As Stark turned away from her to look hungrily at the Absolutely A Time Machine, Darcy thought about his question. If she remembered her history correctly, there was a very short series of months during which Steve Rogers had been successfully transformed into a super soldier but was being used for propaganda films instead of something more appropriate. But that had been over a year before the war had ended!
Even if Darcy did raise up an army of eighteen year olds to kick Tony Stark's ass for sending her back so far in time, they'd all be senior citizens by the time they got there. Even Darcy herself. Hell, Tony wasn't even due to be born for another… what? Thirty years?!
She had to go back.
"Your face is very expressive," the elder Stark told her, interrupting her reverie. "That number on your shirt, 2012. That stands for the year, doesn't it?"
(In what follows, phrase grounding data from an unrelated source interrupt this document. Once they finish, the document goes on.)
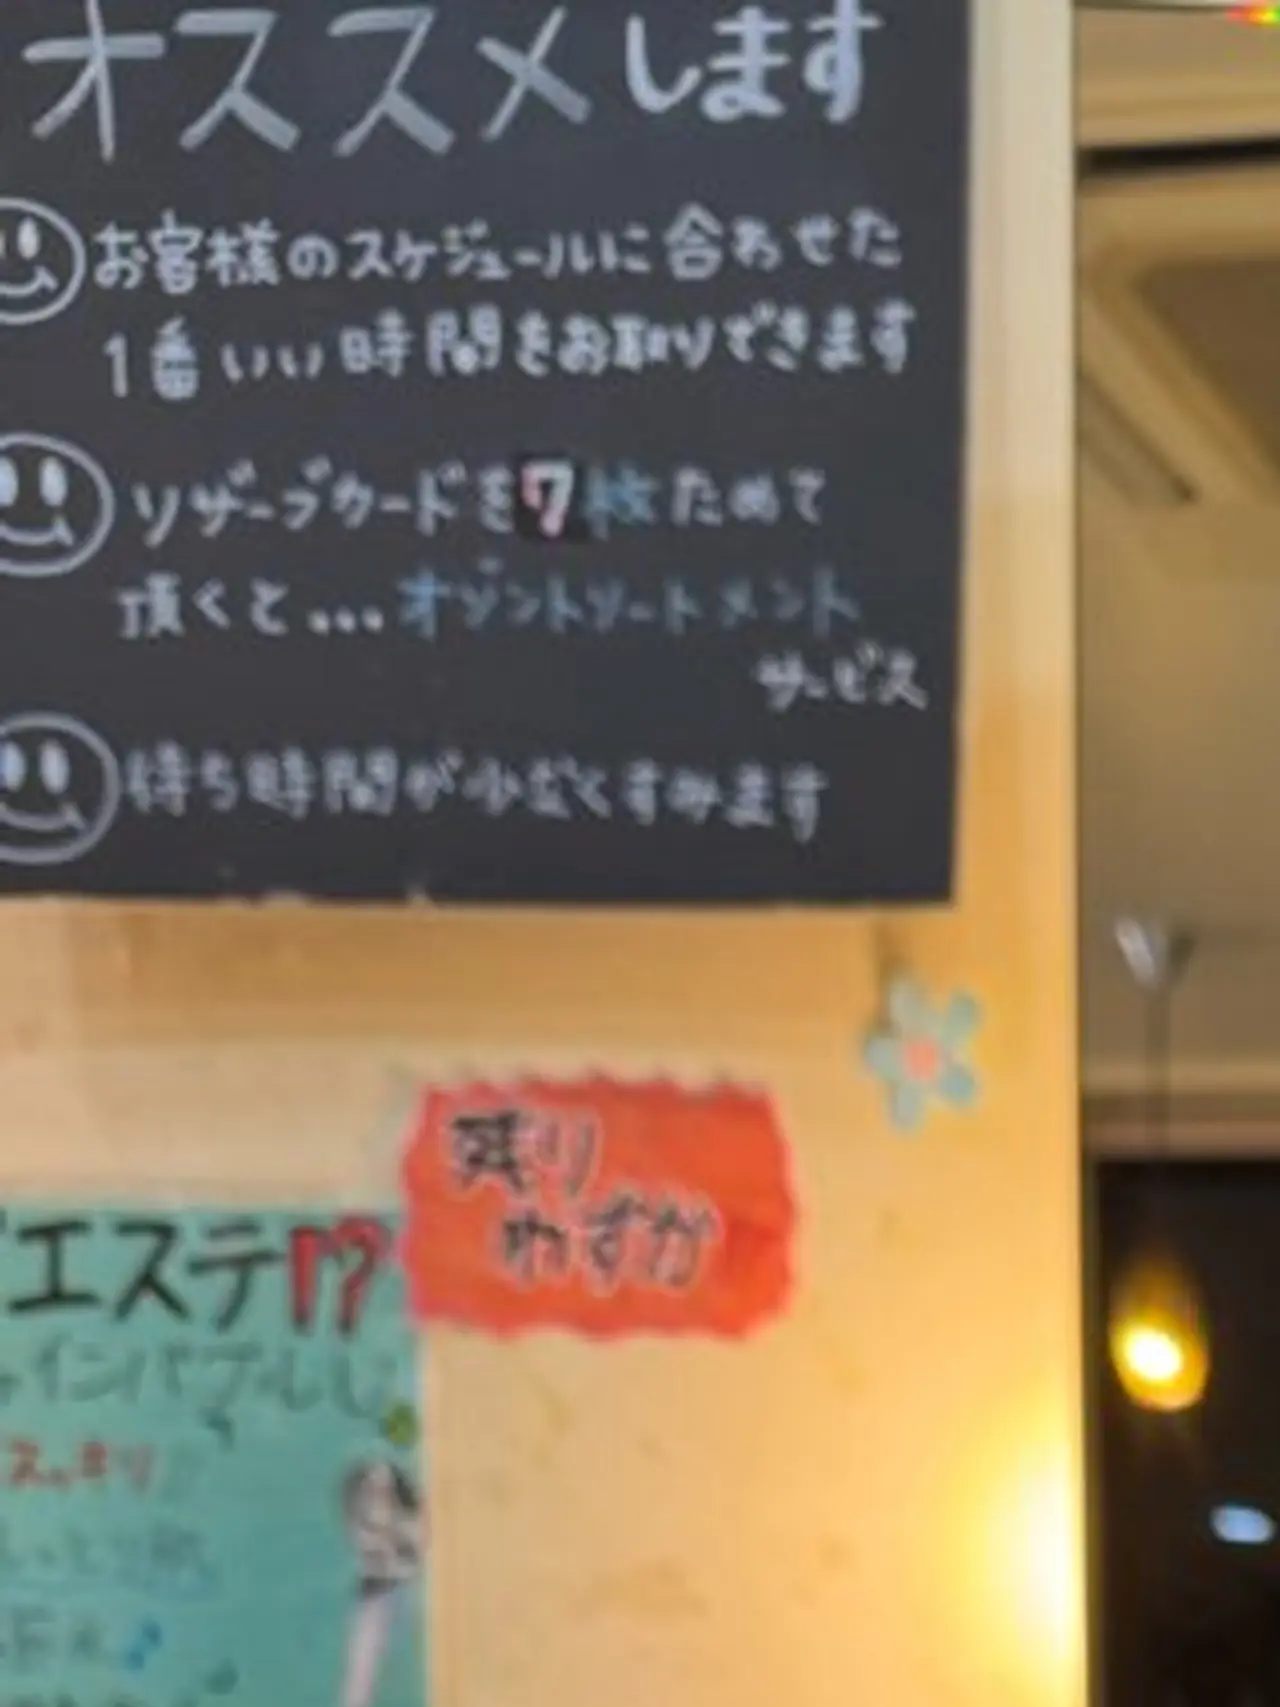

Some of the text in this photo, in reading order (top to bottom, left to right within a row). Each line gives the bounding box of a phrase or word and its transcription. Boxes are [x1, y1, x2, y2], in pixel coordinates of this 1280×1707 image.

[20, 0, 886, 164] オススメします
[92, 204, 904, 292] お客様のスケジュールに合わせた
[753, 640, 929, 712] サービス
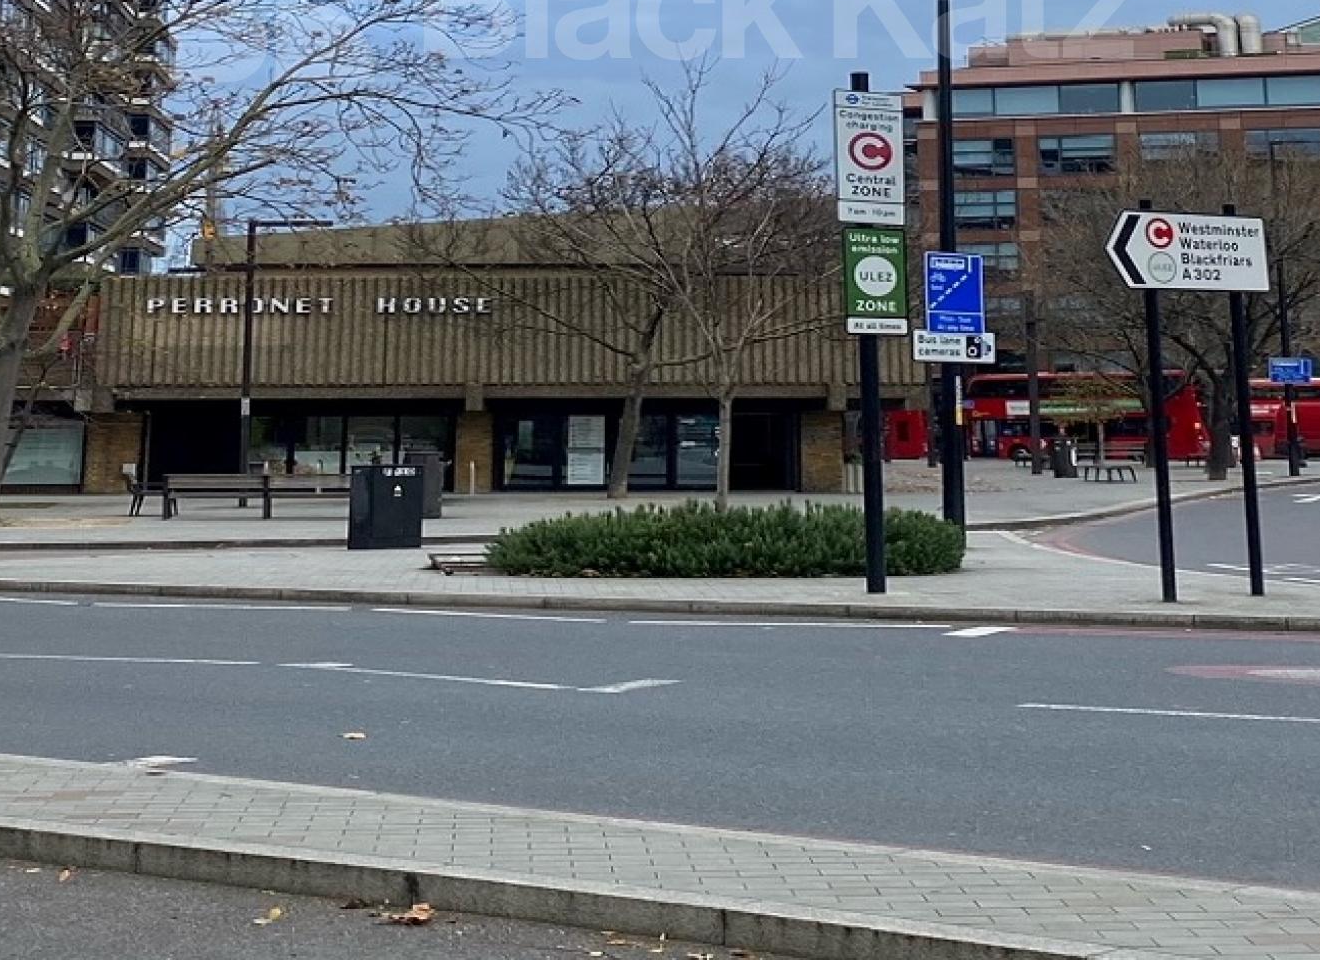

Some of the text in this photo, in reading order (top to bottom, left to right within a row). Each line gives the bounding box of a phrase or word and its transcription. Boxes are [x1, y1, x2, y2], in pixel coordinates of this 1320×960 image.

[839, 109, 898, 122] Congestion
[845, 121, 893, 133] charging
[846, 173, 896, 186] Central
[851, 186, 891, 198] ZONE
[1179, 222, 1259, 238] Westminster
[849, 232, 899, 244] Ultra low
[851, 244, 898, 254] emission
[1180, 238, 1239, 252] Waterloo
[1181, 252, 1253, 267] Blackfriars
[859, 271, 893, 283] ULEZ
[1182, 268, 1221, 281] A302
[377, 297, 493, 314] HOUSE
[856, 299, 897, 313] ZONE
[918, 334, 961, 345] Bus lane
[919, 347, 961, 357] cameras
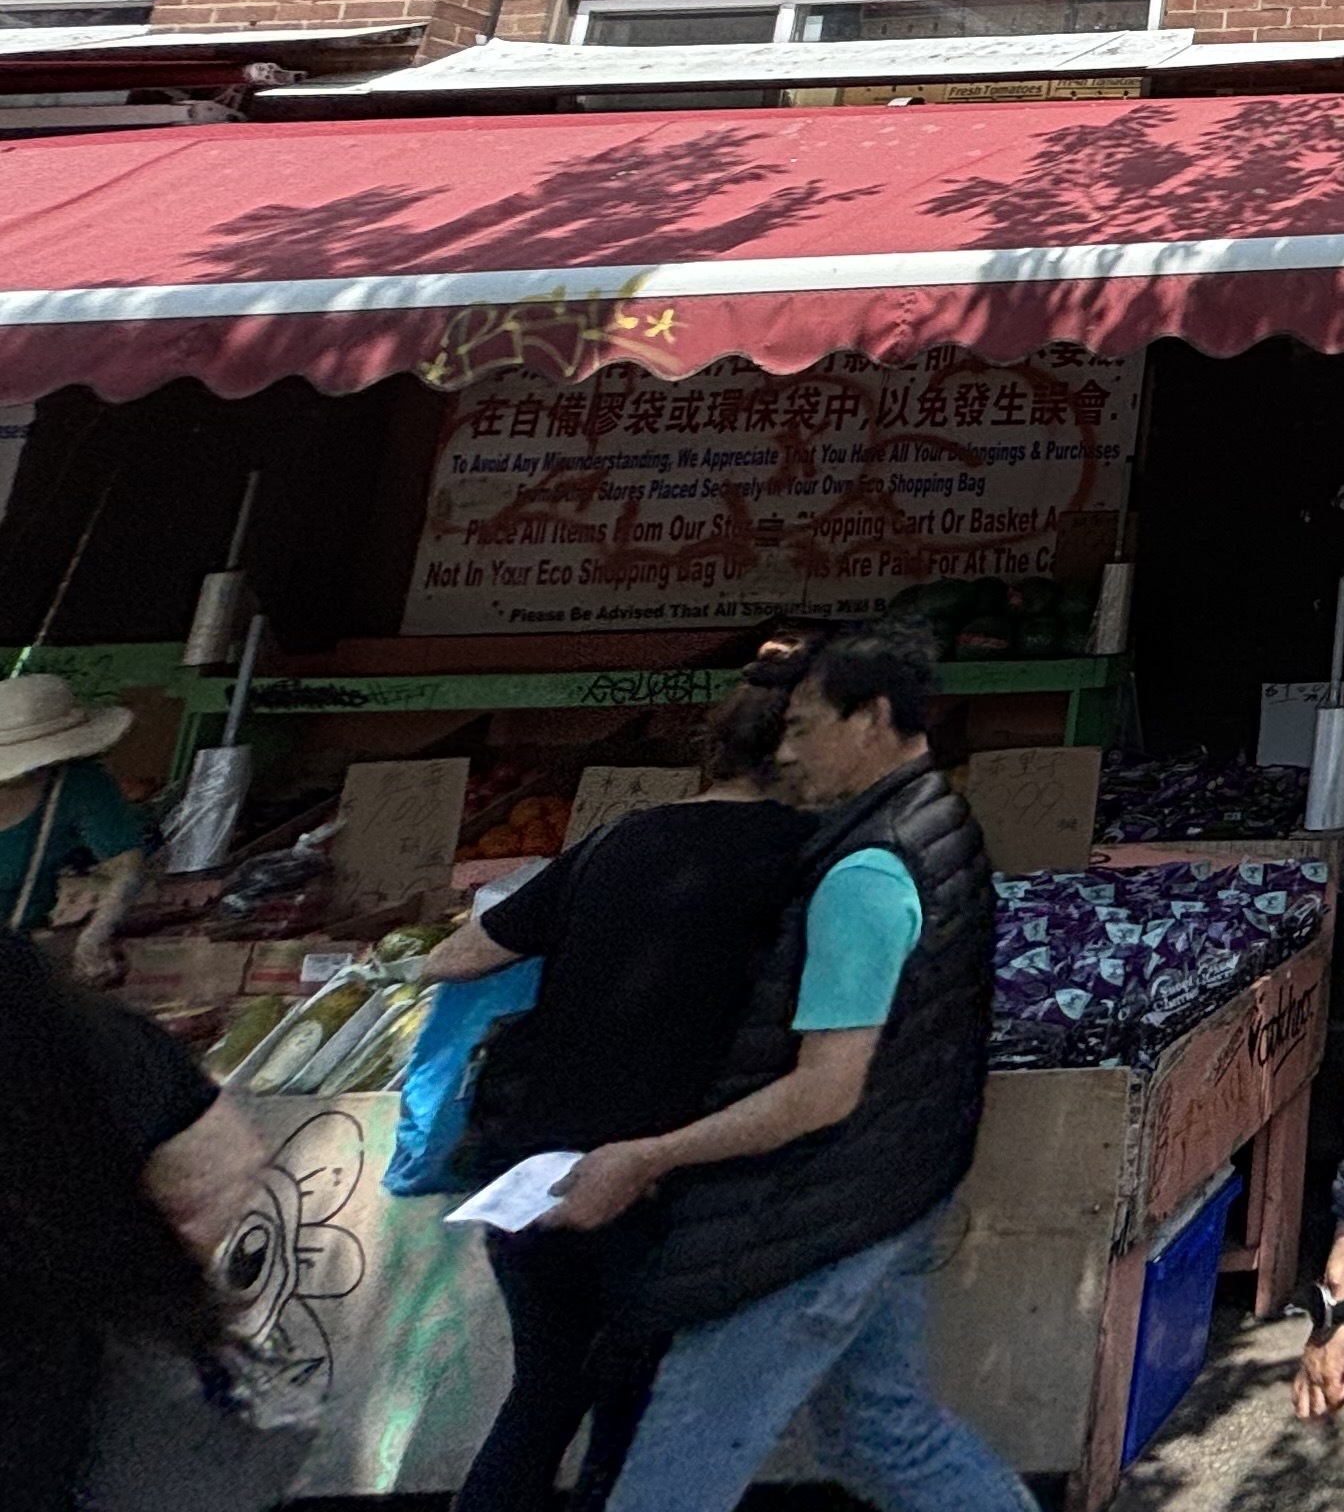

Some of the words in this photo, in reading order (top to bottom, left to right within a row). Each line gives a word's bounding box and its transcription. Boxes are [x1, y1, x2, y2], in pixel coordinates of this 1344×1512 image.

Darcy gave in to the urge to cover her mouth in response to the shock of her realizations. "Yes," she said against the warmth of her fingers. "He said he'd see me again," she said next, a film of tears obscuring the image of the man in front of her and the time machine he was standing beside. "He could not have meant as a baby, could he? He wouldn't have-" she broke off, shutting her eyes and feeling the tears dislodge and fall.
"I'll bet you are talking about my grandson," Stark said, his unfamiliar voice reminding her that even with her eyes shut, she had evidence that she was in the wrong place at the wrong time. "And I'll further bet that he had a reason. The question is, does he have any kind of security clearance to know what I have been doing?"
"Just how long do you think those things stay classified for?" Darcy asked, her eyes still closed. She didn't correct his guess. "It's what? 1943? 1944? That's almost seventy years!"
"The things that no one finds out about stay classified forever," Stark said quietly. "Speaking of which, this? This is probably one of those things."
Darcy opened her eyes to see Stark hovering his hands almost reverently over the wiring and switches on the back of the time machine.
"Wait," he said, crouching down to examine something. Darcy knew exactly what it was, and she wasn't even surprised that it hadn't taken him very long to find it. "Something's missing. The power supply."
"If you had that piece, could you figure out how to send me back?" Darcy whispered. She felt incredibly vulnerable. She knew no resistance tactics, nothing about how to keep secret things from being revealed during an interrogation. Howard Stark was definitely on the right side of history when it came to World War II, but Darcy knew things that could change large swathes of history just by pure advanced warning alone. What's worse, she didn't know enough about them to be able to fudge details to obscure their significance. A sharp, metallic taste filled her mouth and her heart raced. She hoped to hell that Stark was too enamoured of the device in front of him to notice.
"Of course I could," Stark said without any hesitation. "All it takes is motivation."
He turned to look at her, still crouched in front of the time machine, and Darcy didn't know the man, but she knew that look. It was calculating, that look. It was full of meaning. It was full of promise.